(TASK ITEM): Give back every record word for word, but keep the pictures out.

(DATA SUPPLIED):
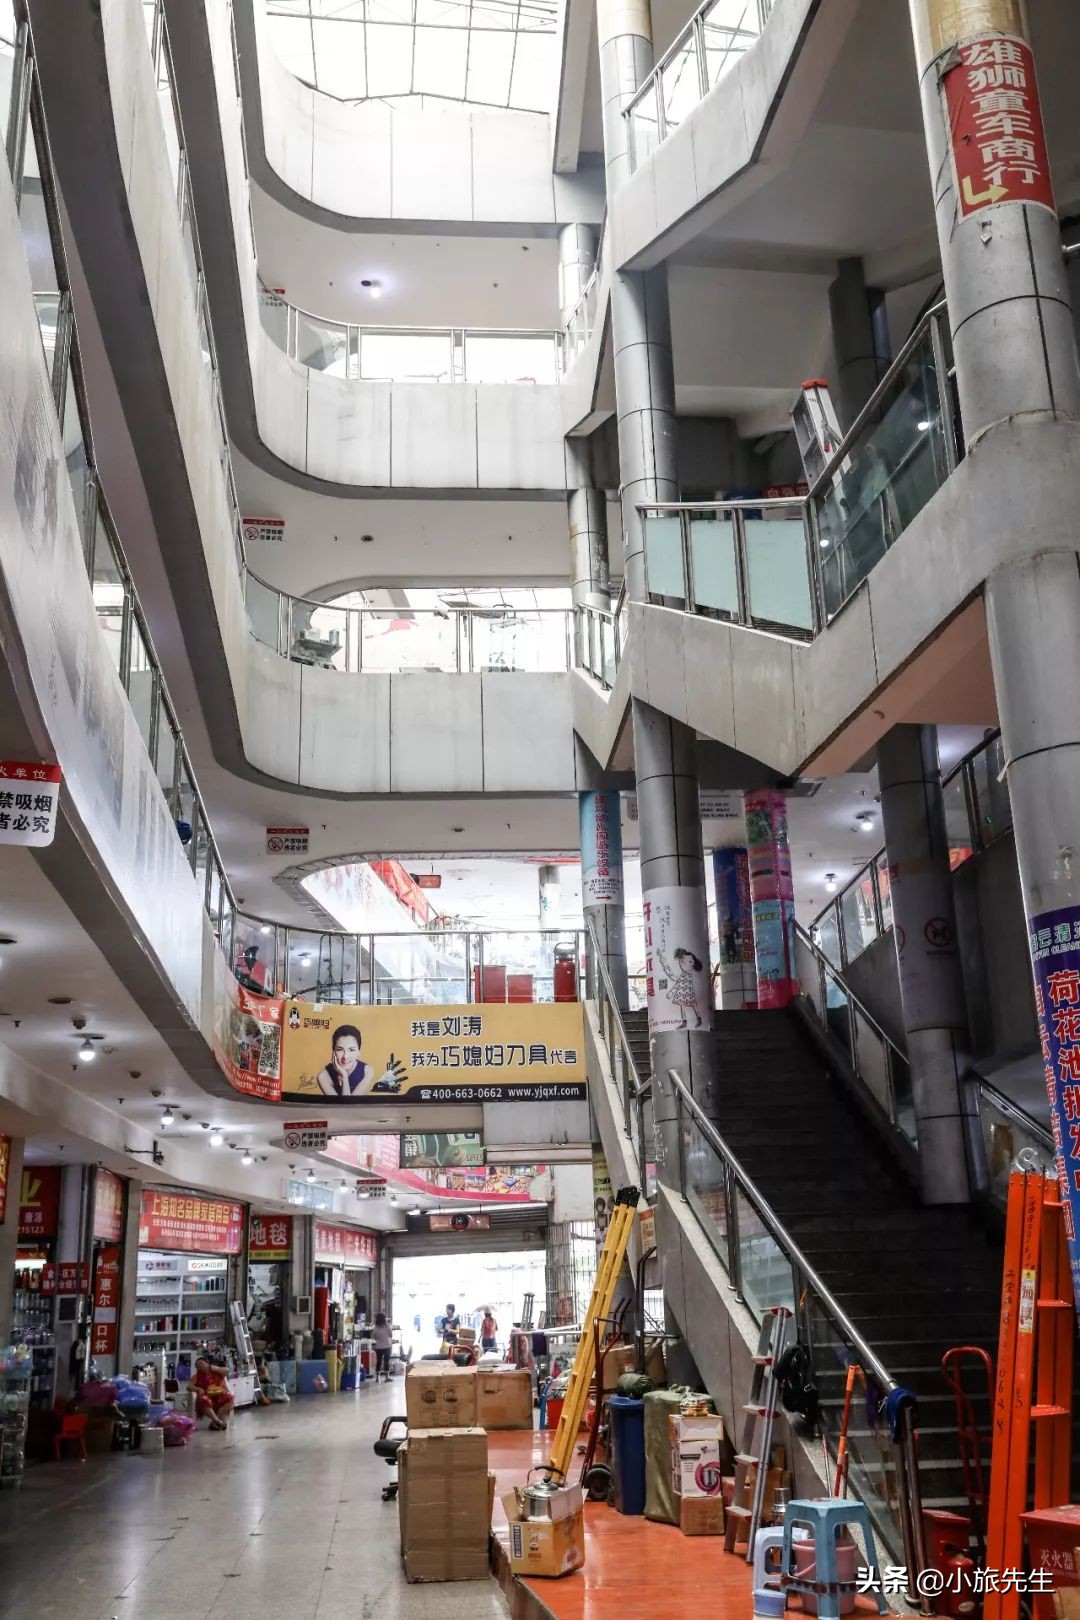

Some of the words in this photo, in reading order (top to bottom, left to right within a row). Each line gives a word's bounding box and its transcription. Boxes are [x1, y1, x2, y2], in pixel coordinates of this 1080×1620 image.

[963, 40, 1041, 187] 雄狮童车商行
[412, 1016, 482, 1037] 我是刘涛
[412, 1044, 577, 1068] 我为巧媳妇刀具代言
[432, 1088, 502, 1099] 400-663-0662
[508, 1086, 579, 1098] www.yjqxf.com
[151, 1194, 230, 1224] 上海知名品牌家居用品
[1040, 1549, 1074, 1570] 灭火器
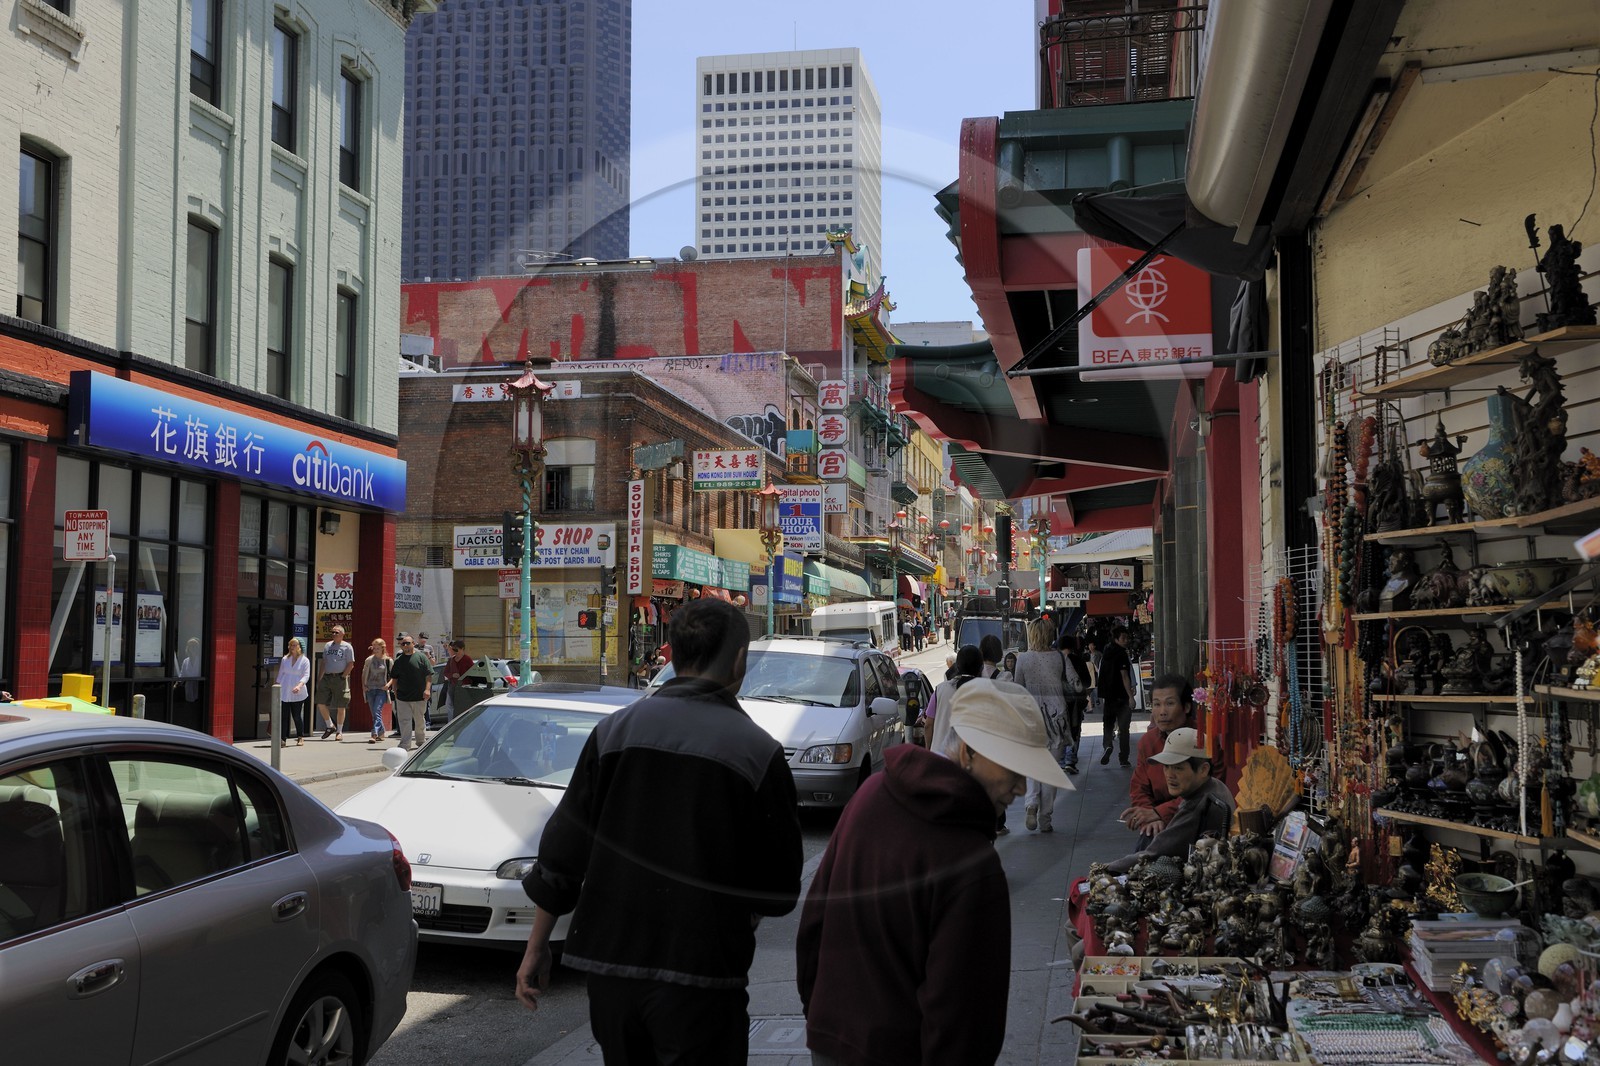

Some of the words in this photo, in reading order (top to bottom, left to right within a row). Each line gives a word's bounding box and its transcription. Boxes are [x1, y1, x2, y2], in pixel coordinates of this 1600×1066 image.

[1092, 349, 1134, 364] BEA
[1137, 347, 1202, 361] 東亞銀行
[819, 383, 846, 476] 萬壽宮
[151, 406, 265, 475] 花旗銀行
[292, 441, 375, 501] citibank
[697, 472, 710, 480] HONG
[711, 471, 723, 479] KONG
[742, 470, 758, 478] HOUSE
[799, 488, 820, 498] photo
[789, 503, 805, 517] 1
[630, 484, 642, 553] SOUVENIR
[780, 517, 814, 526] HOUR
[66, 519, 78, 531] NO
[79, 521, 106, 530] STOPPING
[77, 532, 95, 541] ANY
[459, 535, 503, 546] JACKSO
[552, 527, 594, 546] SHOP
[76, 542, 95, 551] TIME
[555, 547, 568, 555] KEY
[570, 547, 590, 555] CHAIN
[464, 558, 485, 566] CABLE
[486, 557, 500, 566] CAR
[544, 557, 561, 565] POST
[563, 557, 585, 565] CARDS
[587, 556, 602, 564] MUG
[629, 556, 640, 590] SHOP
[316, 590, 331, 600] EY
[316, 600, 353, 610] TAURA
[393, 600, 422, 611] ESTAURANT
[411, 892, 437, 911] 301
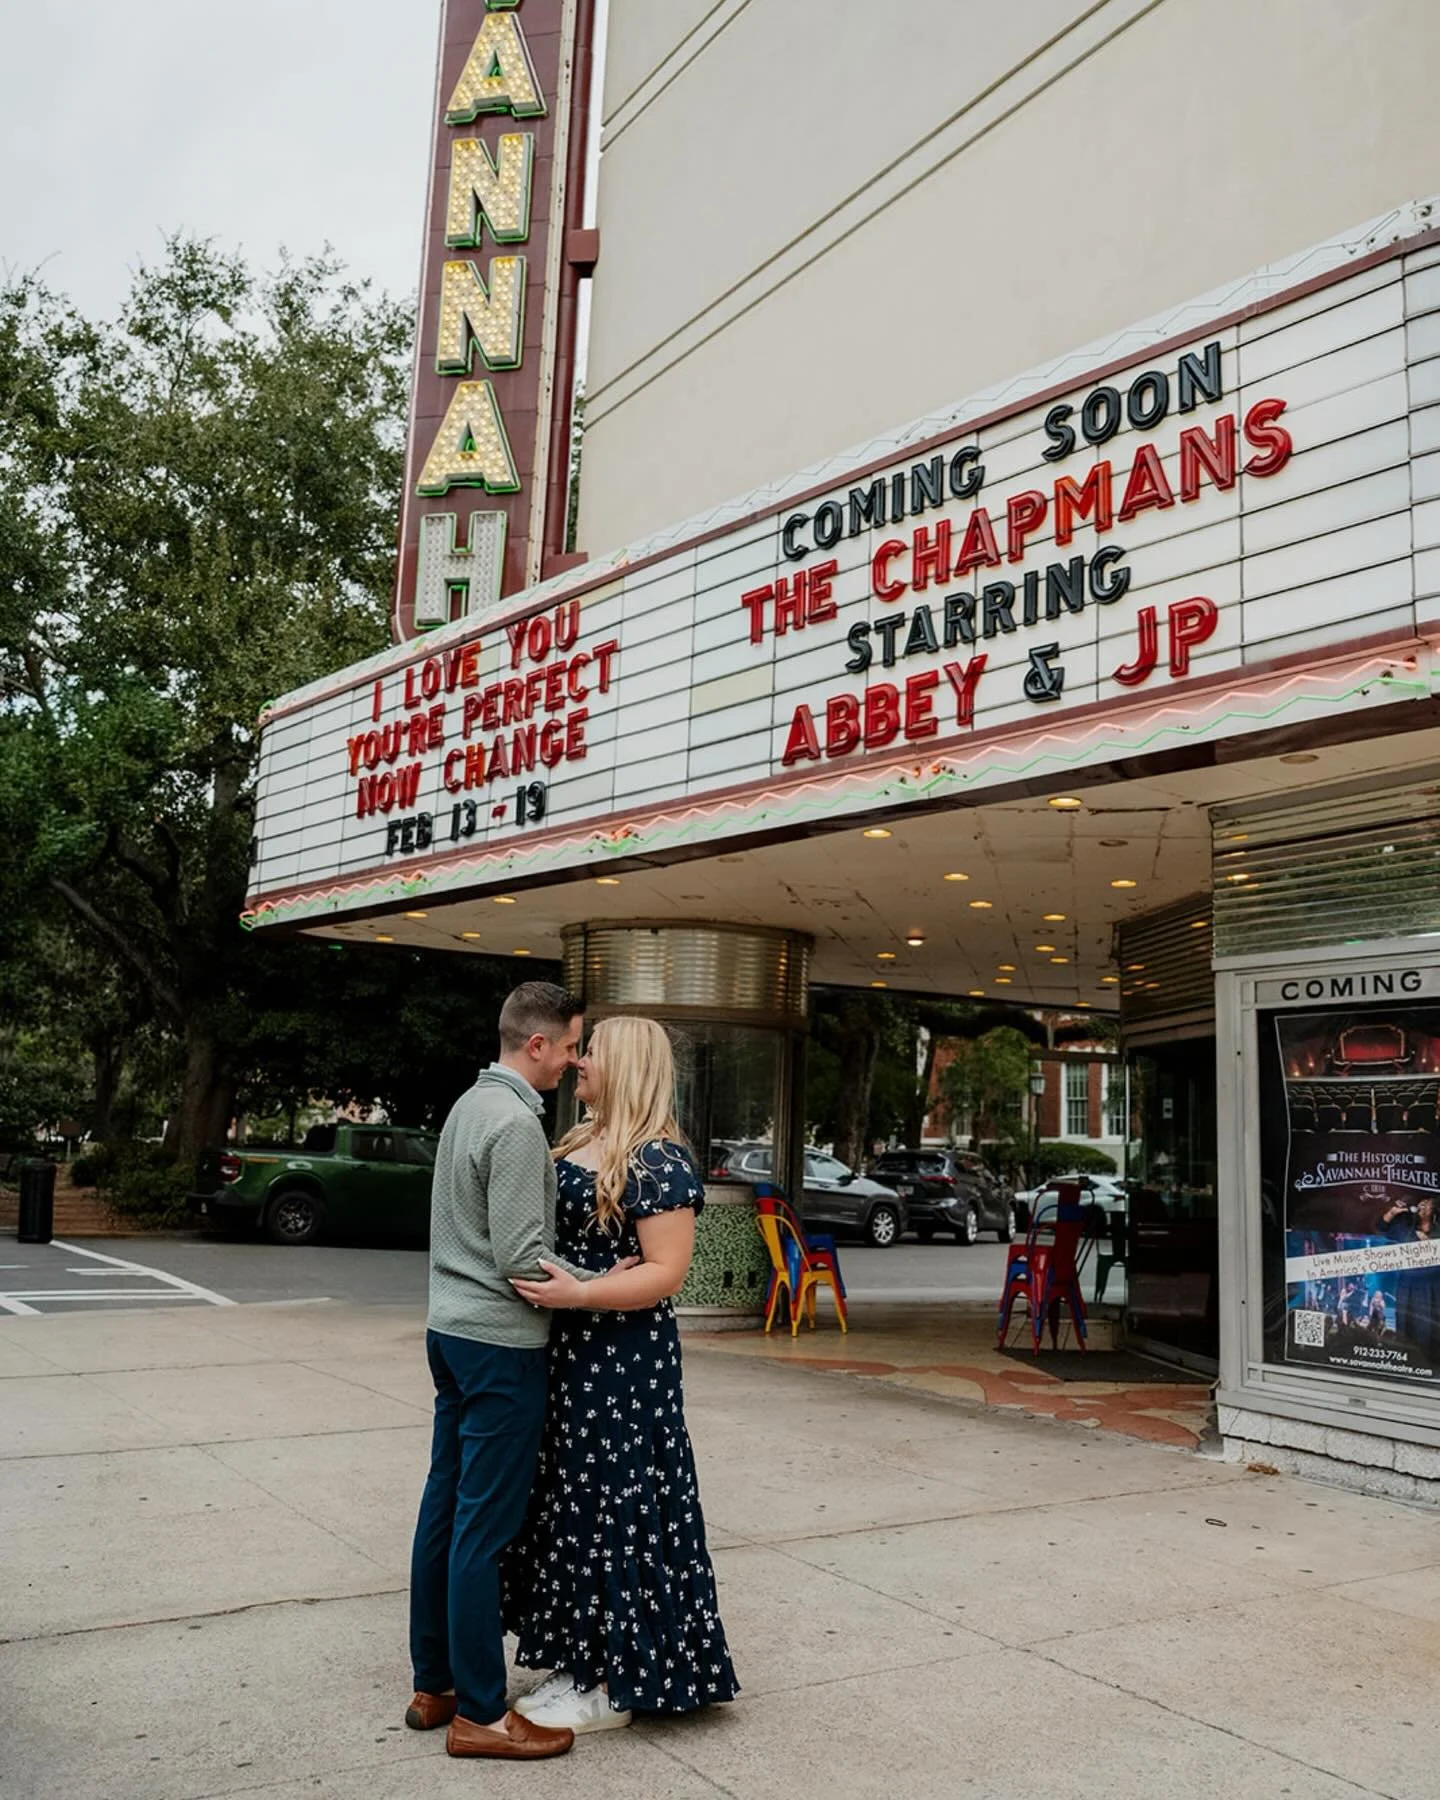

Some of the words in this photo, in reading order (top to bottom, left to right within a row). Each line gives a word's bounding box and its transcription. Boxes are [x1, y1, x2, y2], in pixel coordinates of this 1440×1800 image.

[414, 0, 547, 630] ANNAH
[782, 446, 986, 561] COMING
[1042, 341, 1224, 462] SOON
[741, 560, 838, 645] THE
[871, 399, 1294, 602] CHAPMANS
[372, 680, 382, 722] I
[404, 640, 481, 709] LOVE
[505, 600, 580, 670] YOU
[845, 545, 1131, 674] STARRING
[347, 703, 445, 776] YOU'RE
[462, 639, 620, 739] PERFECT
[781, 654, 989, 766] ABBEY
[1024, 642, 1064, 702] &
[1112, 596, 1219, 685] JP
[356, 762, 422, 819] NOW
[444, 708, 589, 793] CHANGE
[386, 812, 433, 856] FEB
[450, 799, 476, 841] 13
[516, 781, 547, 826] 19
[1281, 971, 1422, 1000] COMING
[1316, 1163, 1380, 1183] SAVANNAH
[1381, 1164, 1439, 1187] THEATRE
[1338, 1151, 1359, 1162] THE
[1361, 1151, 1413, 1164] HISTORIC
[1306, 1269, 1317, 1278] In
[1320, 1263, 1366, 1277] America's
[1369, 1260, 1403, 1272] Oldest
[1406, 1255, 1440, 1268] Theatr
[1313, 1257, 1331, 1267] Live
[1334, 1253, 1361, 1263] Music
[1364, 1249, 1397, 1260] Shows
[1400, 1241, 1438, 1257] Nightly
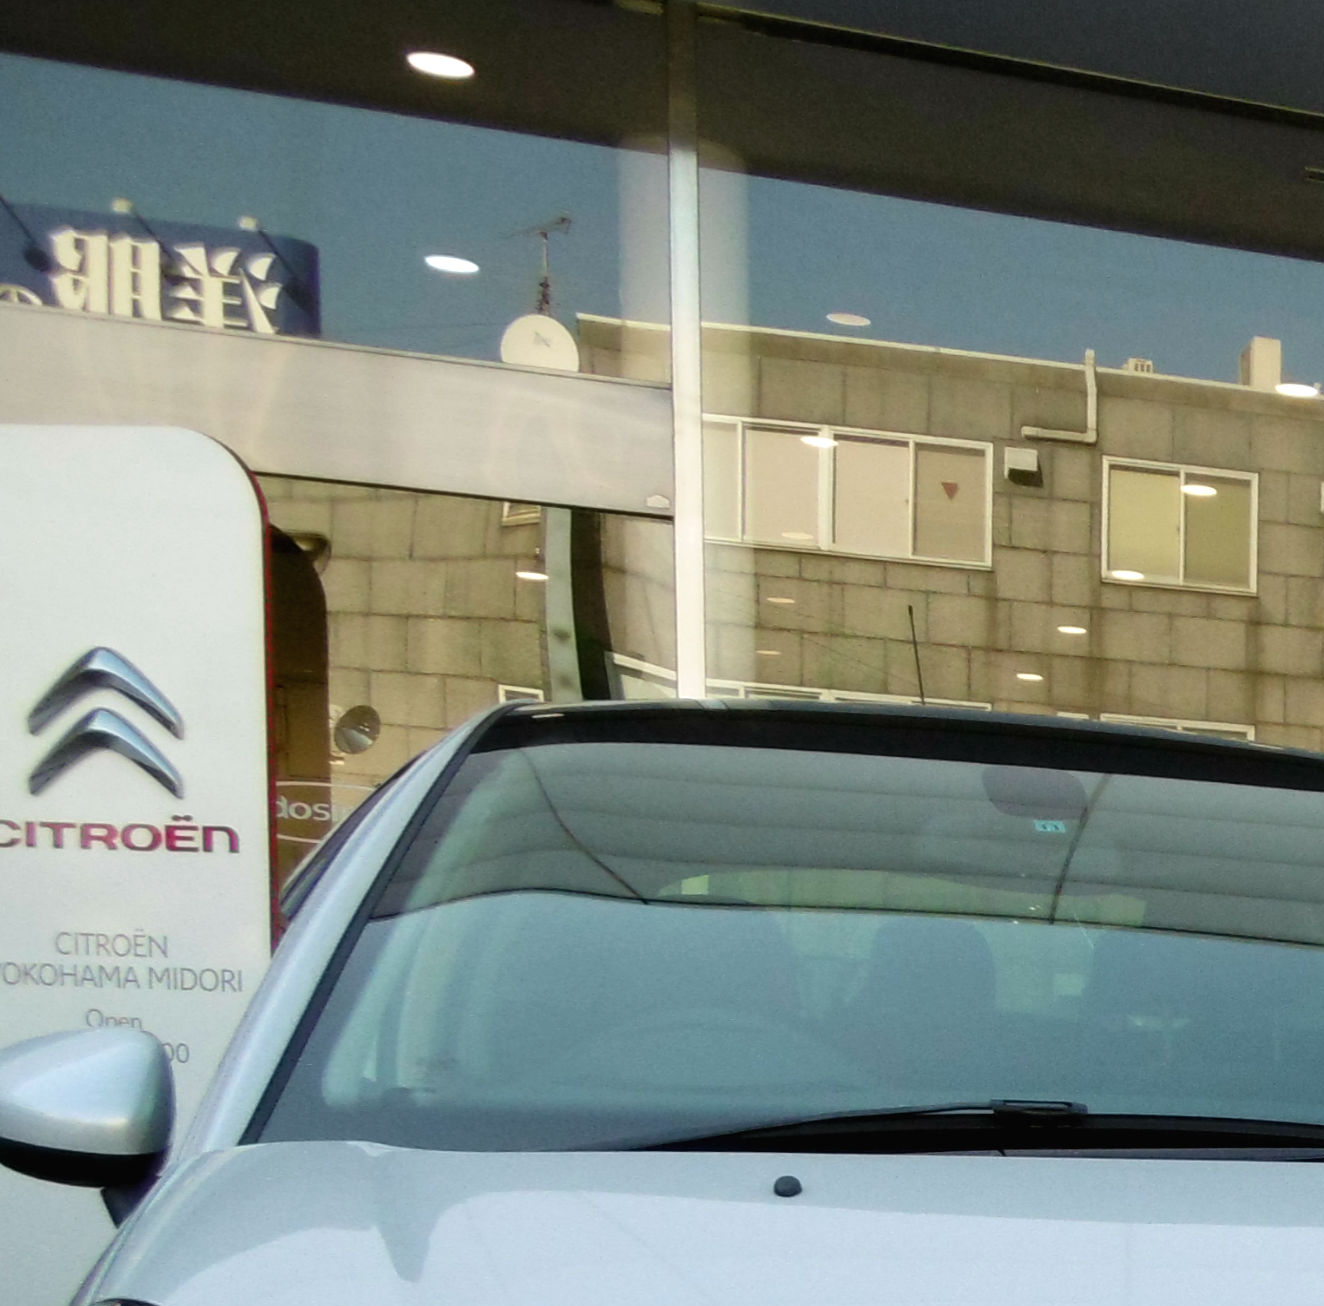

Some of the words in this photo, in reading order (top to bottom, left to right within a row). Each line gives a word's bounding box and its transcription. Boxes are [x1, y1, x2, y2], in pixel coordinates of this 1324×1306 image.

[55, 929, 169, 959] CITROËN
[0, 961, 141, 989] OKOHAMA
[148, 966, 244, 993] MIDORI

(RESULT):
Some of the words in this photo, in reading order (top to bottom, left to right within a row). Each line gives a word's bounding box and its transcription. Boxes are [x1, y1, x2, y2], in pixel coordinates of this 1080×1620 image.

[963, 40, 1041, 187] 雄狮童车商行
[412, 1016, 482, 1037] 我是刘涛
[412, 1044, 577, 1068] 我为巧媳妇刀具代言
[432, 1088, 502, 1099] 400-663-0662
[508, 1086, 579, 1098] www.yjqxf.com
[151, 1194, 230, 1224] 上海知名品牌家居用品
[1040, 1549, 1074, 1570] 灭火器

Some of the words in this photo, in reading order (top to bottom, left to right within a row). Each line gives a word's bounding box and its transcription. Boxes are [x1, y1, x2, y2], in pixel coordinates of this 1600×1066 image.

[1092, 349, 1134, 364] BEA
[1137, 347, 1202, 361] 東亞銀行
[819, 383, 846, 476] 萬壽宮
[151, 406, 265, 475] 花旗銀行
[292, 441, 375, 501] citibank
[697, 472, 710, 480] HONG
[711, 471, 723, 479] KONG
[742, 470, 758, 478] HOUSE
[799, 488, 820, 498] photo
[789, 503, 805, 517] 1
[630, 484, 642, 553] SOUVENIR
[780, 517, 814, 526] HOUR
[66, 519, 78, 531] NO
[79, 521, 106, 530] STOPPING
[77, 532, 95, 541] ANY
[459, 535, 503, 546] JACKSO
[552, 527, 594, 546] SHOP
[76, 542, 95, 551] TIME
[555, 547, 568, 555] KEY
[570, 547, 590, 555] CHAIN
[464, 558, 485, 566] CABLE
[486, 557, 500, 566] CAR
[544, 557, 561, 565] POST
[563, 557, 585, 565] CARDS
[587, 556, 602, 564] MUG
[629, 556, 640, 590] SHOP
[316, 590, 331, 600] EY
[316, 600, 353, 610] TAURA
[393, 600, 422, 611] ESTAURANT
[411, 892, 437, 911] 301

Some of the words in this photo, in reading order (top to bottom, left to right within a row). Each line gives a word's bounding box and its transcription. Boxes are [x1, y1, x2, y2], in pixel coordinates of this 1440×1800 image.

[414, 0, 547, 630] ANNAH
[782, 446, 986, 561] COMING
[1042, 341, 1224, 462] SOON
[741, 560, 838, 645] THE
[871, 399, 1294, 602] CHAPMANS
[372, 680, 382, 722] I
[404, 640, 481, 709] LOVE
[505, 600, 580, 670] YOU
[845, 545, 1131, 674] STARRING
[347, 703, 445, 776] YOU'RE
[462, 639, 620, 739] PERFECT
[781, 654, 989, 766] ABBEY
[1024, 642, 1064, 702] &
[1112, 596, 1219, 685] JP
[356, 762, 422, 819] NOW
[444, 708, 589, 793] CHANGE
[386, 812, 433, 856] FEB
[450, 799, 476, 841] 13
[516, 781, 547, 826] 19
[1281, 971, 1422, 1000] COMING
[1316, 1163, 1380, 1183] SAVANNAH
[1381, 1164, 1439, 1187] THEATRE
[1338, 1151, 1359, 1162] THE
[1361, 1151, 1413, 1164] HISTORIC
[1306, 1269, 1317, 1278] In
[1320, 1263, 1366, 1277] America's
[1369, 1260, 1403, 1272] Oldest
[1406, 1255, 1440, 1268] Theatr
[1313, 1257, 1331, 1267] Live
[1334, 1253, 1361, 1263] Music
[1364, 1249, 1397, 1260] Shows
[1400, 1241, 1438, 1257] Nightly

Some of the words in this photo, in reading order (top to bottom, left to right within a row). Each line gives a word's bounding box and its transcription. Boxes are [x1, y1, x2, y2], in pixel coordinates of this 1324×1306 image.

[55, 929, 169, 959] CITROËN
[0, 961, 141, 989] OKOHAMA
[148, 966, 244, 993] MIDORI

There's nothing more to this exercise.